__Description of the task__
Give back each entry exactly as written, apart from the pictures.
---
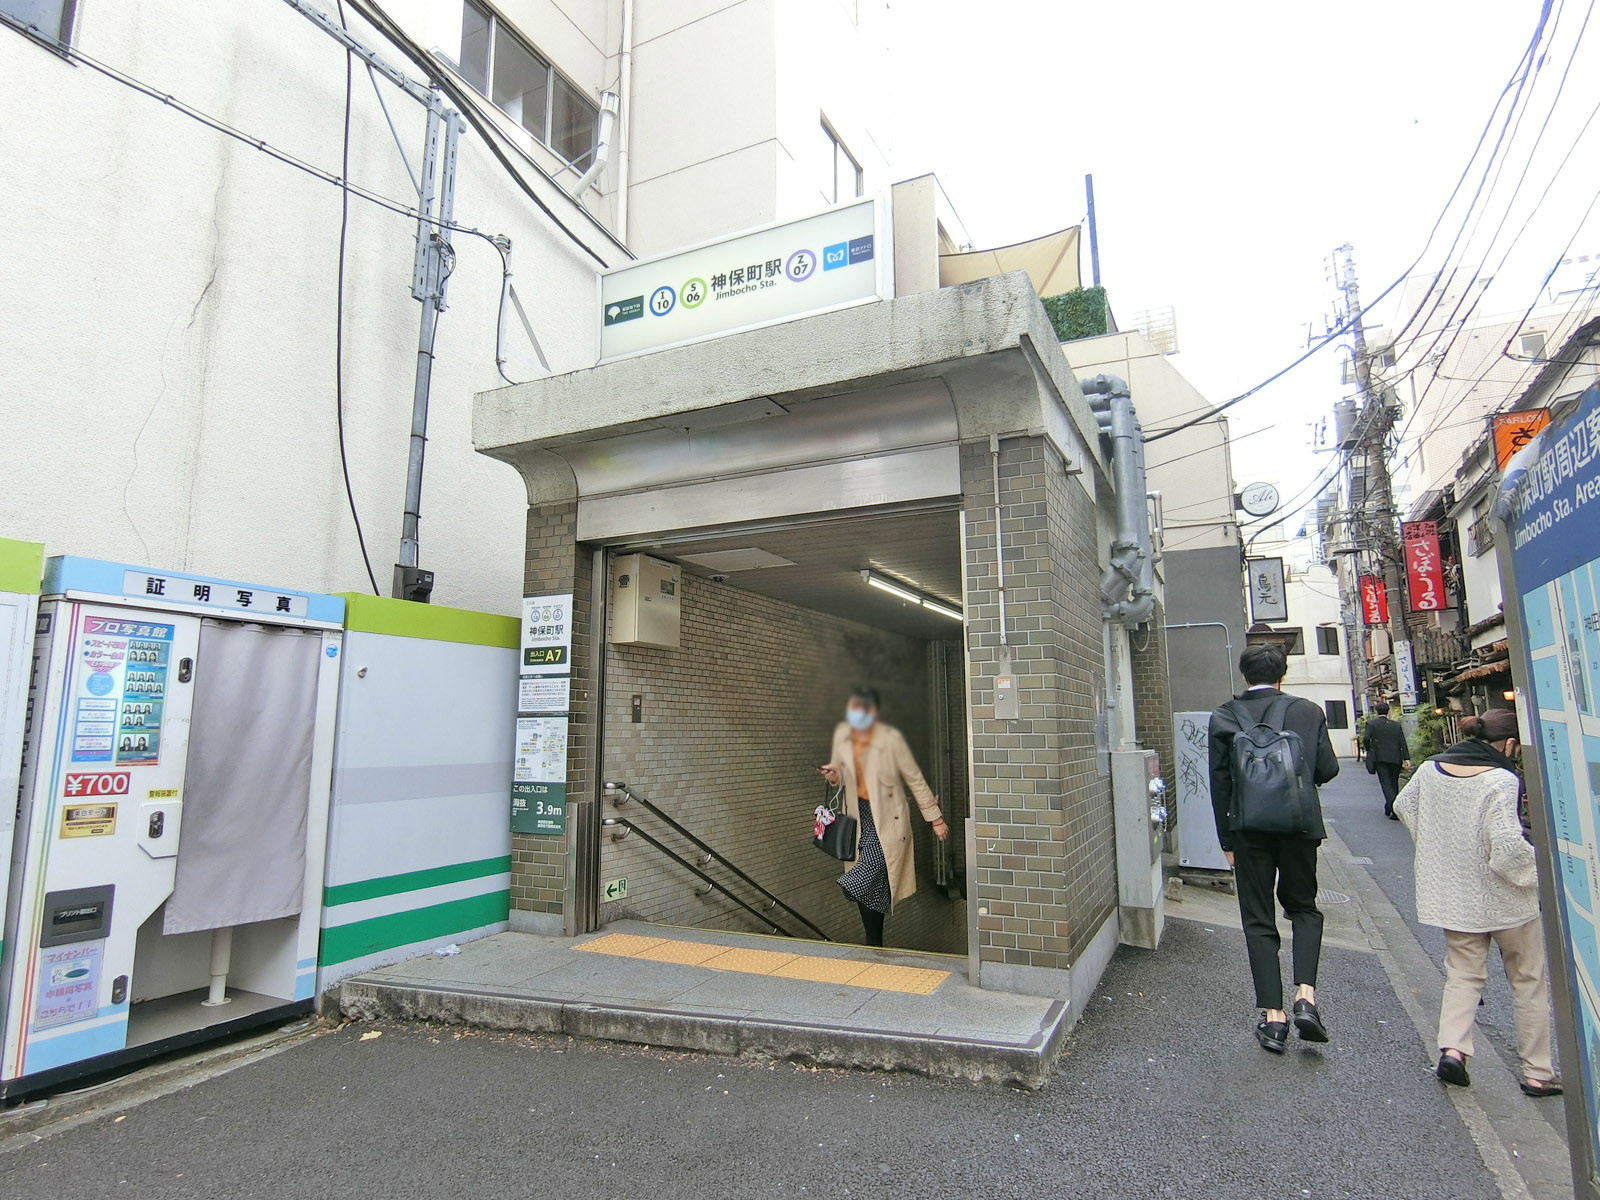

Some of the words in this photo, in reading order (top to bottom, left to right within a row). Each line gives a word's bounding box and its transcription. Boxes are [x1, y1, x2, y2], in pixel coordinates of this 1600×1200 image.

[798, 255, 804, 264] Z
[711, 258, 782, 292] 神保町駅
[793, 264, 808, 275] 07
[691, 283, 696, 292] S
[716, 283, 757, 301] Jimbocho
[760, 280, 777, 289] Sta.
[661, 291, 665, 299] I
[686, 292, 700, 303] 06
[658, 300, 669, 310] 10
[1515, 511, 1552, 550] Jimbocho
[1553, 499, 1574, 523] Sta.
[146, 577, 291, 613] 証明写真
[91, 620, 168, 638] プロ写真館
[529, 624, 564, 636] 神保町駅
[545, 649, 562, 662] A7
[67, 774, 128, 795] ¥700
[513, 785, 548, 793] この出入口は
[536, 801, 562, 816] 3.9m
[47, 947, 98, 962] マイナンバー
---
__Written answer__
Some of the words in this photo, in reading order (top to bottom, left to right within a row). Each line gives a word's bounding box and its transcription. Boxes are [x1, y1, x2, y2], in pixel coordinates of this 1600×1200 image.

[798, 255, 804, 264] Z
[711, 258, 782, 292] 神保町駅
[793, 264, 808, 275] 07
[691, 283, 696, 292] S
[716, 283, 757, 301] Jimbocho
[760, 280, 777, 289] Sta.
[661, 291, 665, 299] I
[686, 292, 700, 303] 06
[658, 300, 669, 310] 10
[1515, 511, 1552, 550] Jimbocho
[1553, 499, 1574, 523] Sta.
[146, 577, 291, 613] 証明写真
[91, 620, 168, 638] プロ写真館
[529, 624, 564, 636] 神保町駅
[545, 649, 562, 662] A7
[67, 774, 128, 795] ¥700
[513, 785, 548, 793] この出入口は
[536, 801, 562, 816] 3.9m
[47, 947, 98, 962] マイナンバー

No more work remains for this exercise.